Revetment
While reading about the
10 best beaches on MSN this morning and thinking about the trip to the beach on
Andros that I am about to take this beautiful May morning, I came across my
word for today, revetment. I like how this one (unlike others I've blogged on
about) didn’t get a squiggly line under it. Even though to me it seemed like it
should have been a misspelled word, the computer (portable brains) recognized
it, and I decided to look it up. No, revetments aren't related to reventments,
a word I just made up about feeling the need to vent about the same thing over
and over again. Revetments are embankments, often made of masonry, that serve
as blast barricades. War references abound about these revetments used during
the Civil War, or as I've heard it called in South Georgia, the war of northern
aggression, but that’s a topic for a different blog. The revetments I was
reading about and mulling over in my mind are built (frequently man-made) to protect
and even create beaches and one surrounds the turning basin, and subsequently
the beach, here.
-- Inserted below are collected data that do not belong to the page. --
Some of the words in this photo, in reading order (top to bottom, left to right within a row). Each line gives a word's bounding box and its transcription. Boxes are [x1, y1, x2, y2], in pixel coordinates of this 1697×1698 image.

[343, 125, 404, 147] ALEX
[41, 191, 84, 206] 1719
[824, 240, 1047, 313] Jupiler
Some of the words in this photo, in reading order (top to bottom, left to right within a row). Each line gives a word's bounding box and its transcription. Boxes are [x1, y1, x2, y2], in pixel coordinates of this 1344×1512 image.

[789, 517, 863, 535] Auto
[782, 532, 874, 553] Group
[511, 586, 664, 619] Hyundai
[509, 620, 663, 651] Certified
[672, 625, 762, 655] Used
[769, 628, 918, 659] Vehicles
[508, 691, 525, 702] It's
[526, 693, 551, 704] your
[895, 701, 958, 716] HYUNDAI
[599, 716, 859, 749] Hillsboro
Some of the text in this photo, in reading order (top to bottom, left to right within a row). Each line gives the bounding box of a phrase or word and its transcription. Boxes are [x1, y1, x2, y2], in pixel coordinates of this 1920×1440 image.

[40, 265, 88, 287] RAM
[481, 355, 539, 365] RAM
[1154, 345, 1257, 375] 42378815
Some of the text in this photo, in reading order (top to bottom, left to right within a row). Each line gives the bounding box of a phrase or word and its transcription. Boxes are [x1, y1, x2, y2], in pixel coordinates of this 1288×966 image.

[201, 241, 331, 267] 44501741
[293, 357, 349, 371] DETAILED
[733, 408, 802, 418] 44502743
The wall here protects the beach from eroding waves and you
can see them as they pound the wall sending spray up and sometimes over. The
result is a relatively smooth (sometimes like glass and sometimes choppy) shallows
and beach. The water is so clear that even when I’m in up to my chin I can
still see my tippy toes and snorkeling along the revetment is truly a treat.
Seeing the variety of sea life that has taken up residence is never boring.
This beach didn’t make it into MSN’s top ten but that’s ok because it is number
one with me!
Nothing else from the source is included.